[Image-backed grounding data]
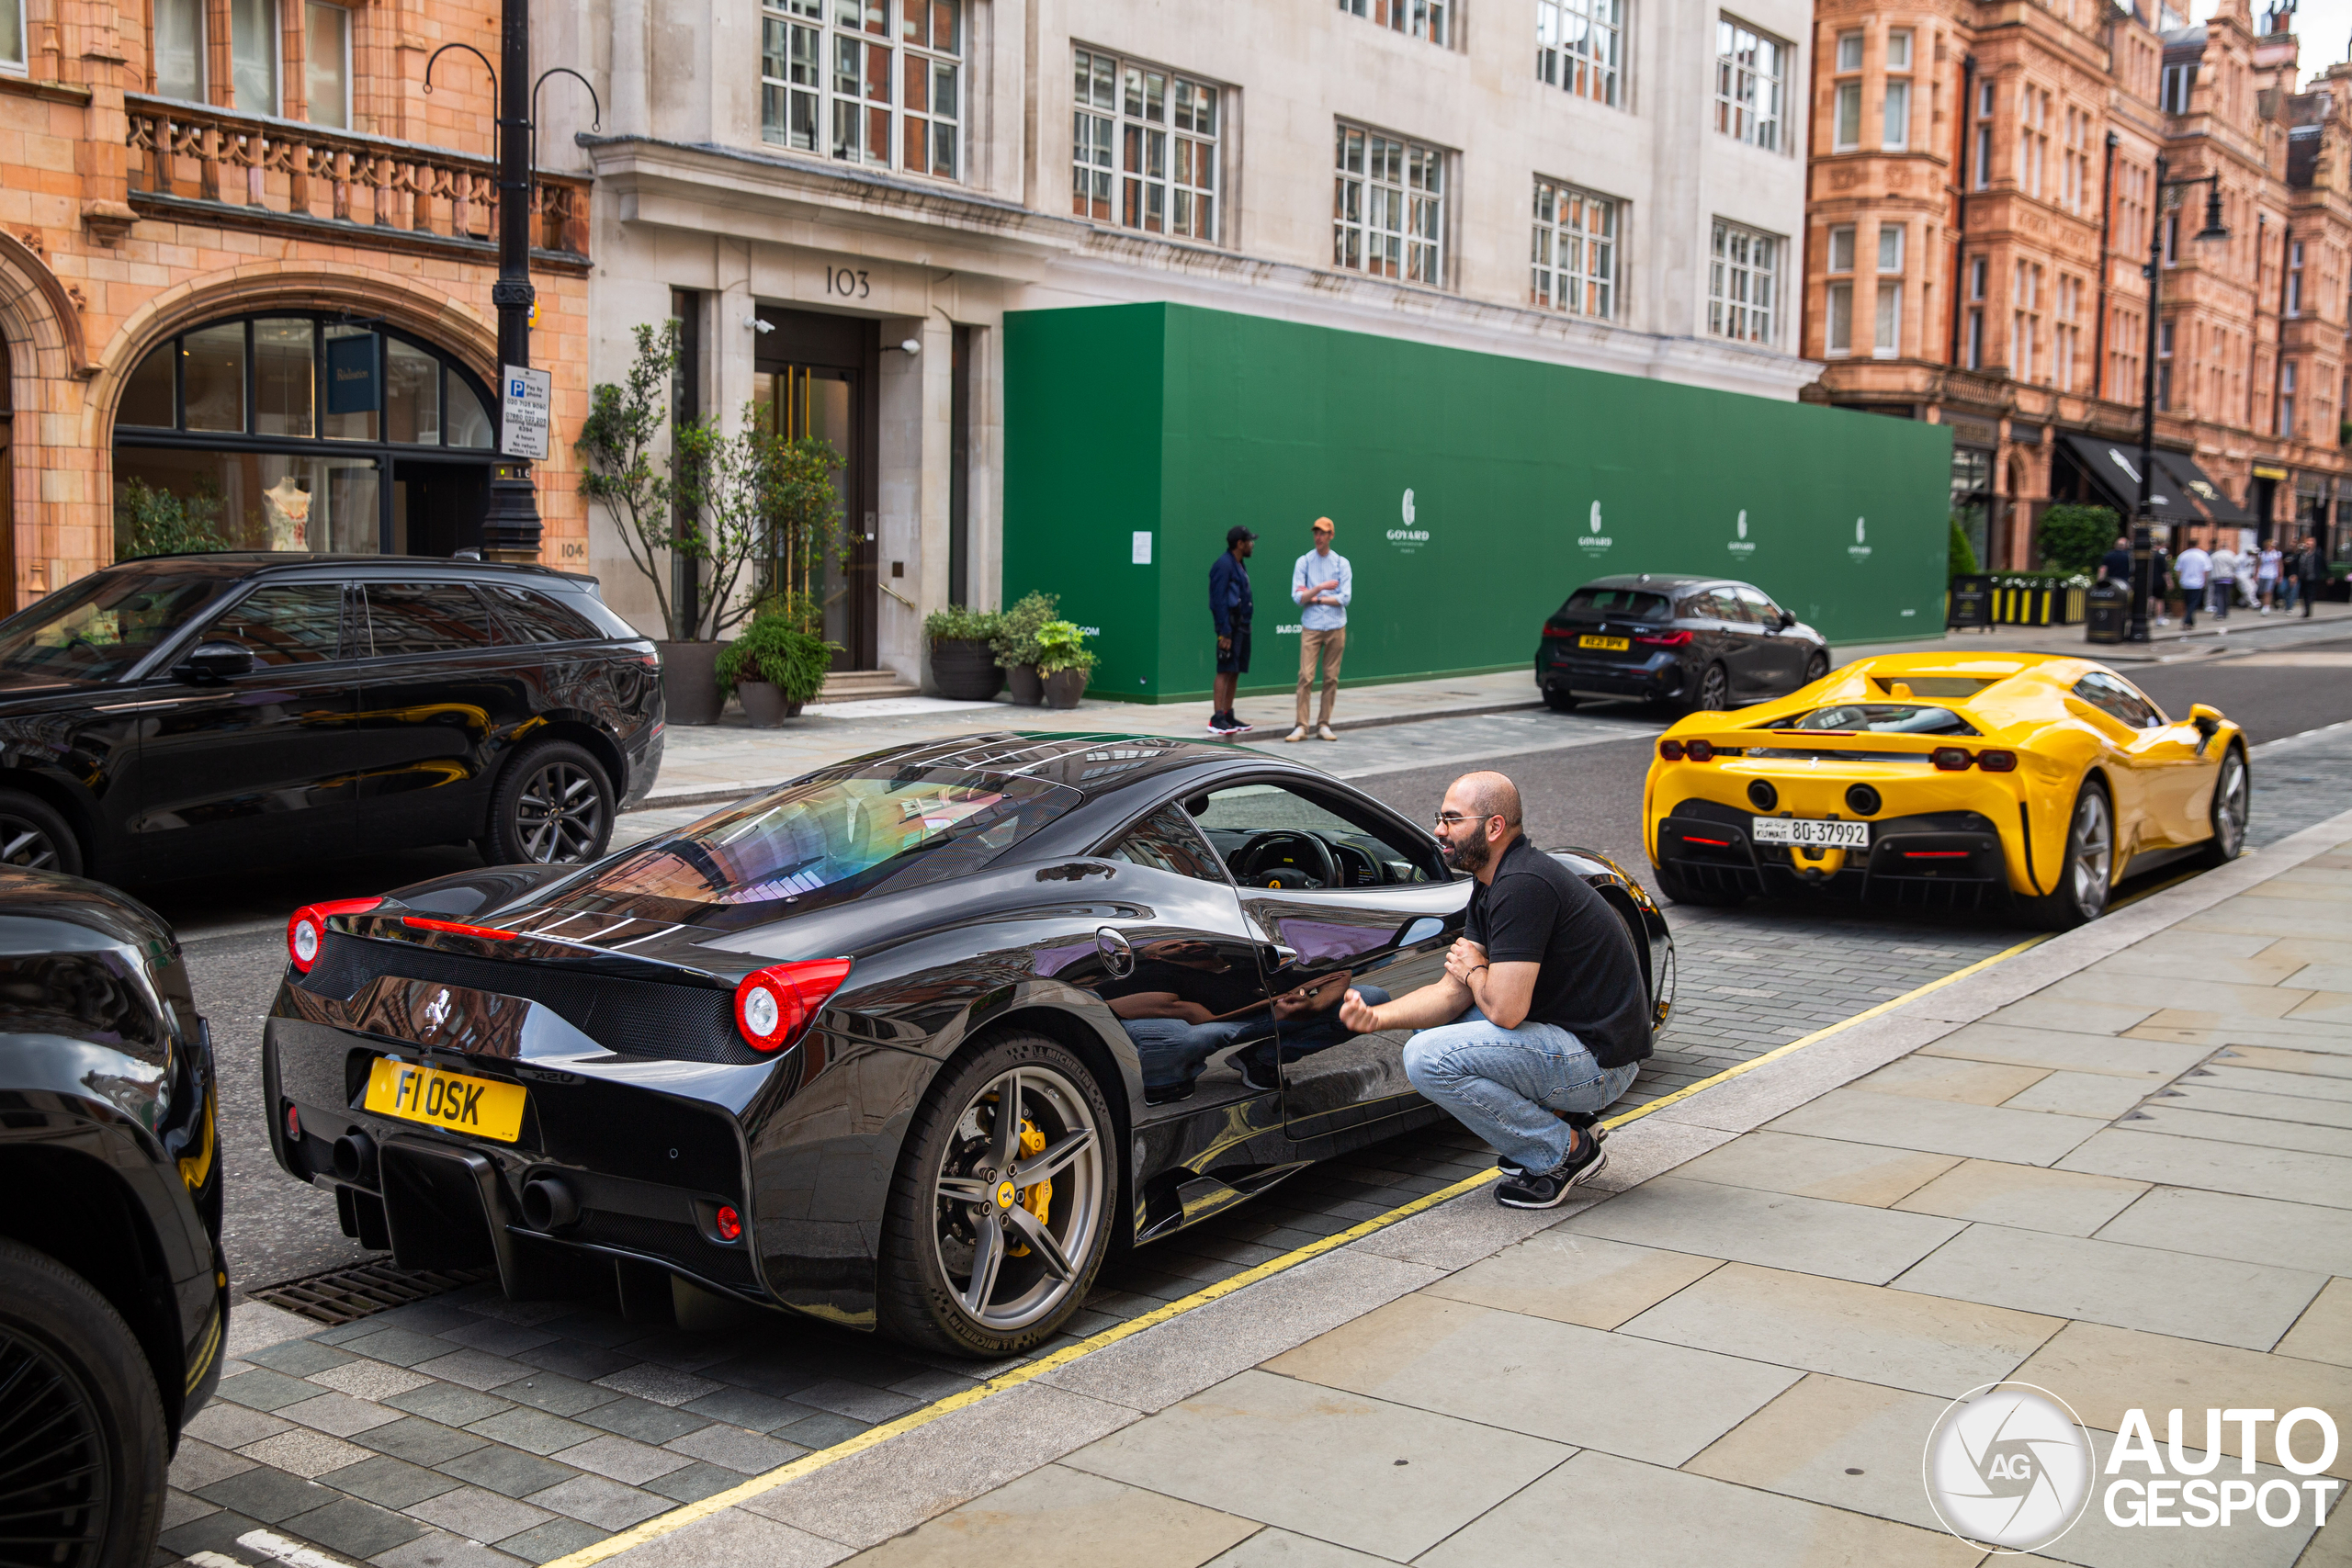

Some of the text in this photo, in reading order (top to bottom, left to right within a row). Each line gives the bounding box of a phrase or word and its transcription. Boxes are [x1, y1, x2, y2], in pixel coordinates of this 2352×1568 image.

[827, 265, 870, 299] 103
[526, 384, 536, 392] Pay
[1386, 528, 1430, 542] GOYARD
[561, 543, 583, 558] 104
[1756, 829, 1787, 839] KUWAIT
[1792, 821, 1864, 844] 80-37992
[1046, 1047, 1092, 1089] MICHELIN
[947, 1314, 1001, 1350] MICHELIN

◆ Prompt
Copy out the data verbatim, excluding the pictures.

◆ Response below
Some of the text in this photo, in reading order (top to bottom, left to right within a row). Each line gives the bounding box of a phrase or word and its transcription. Boxes are [x1, y1, x2, y2], in pixel coordinates of this 2352×1568 image.

[827, 265, 870, 299] 103
[526, 384, 536, 392] Pay
[1386, 528, 1430, 542] GOYARD
[561, 543, 583, 558] 104
[1756, 829, 1787, 839] KUWAIT
[1792, 821, 1864, 844] 80-37992
[1046, 1047, 1092, 1089] MICHELIN
[947, 1314, 1001, 1350] MICHELIN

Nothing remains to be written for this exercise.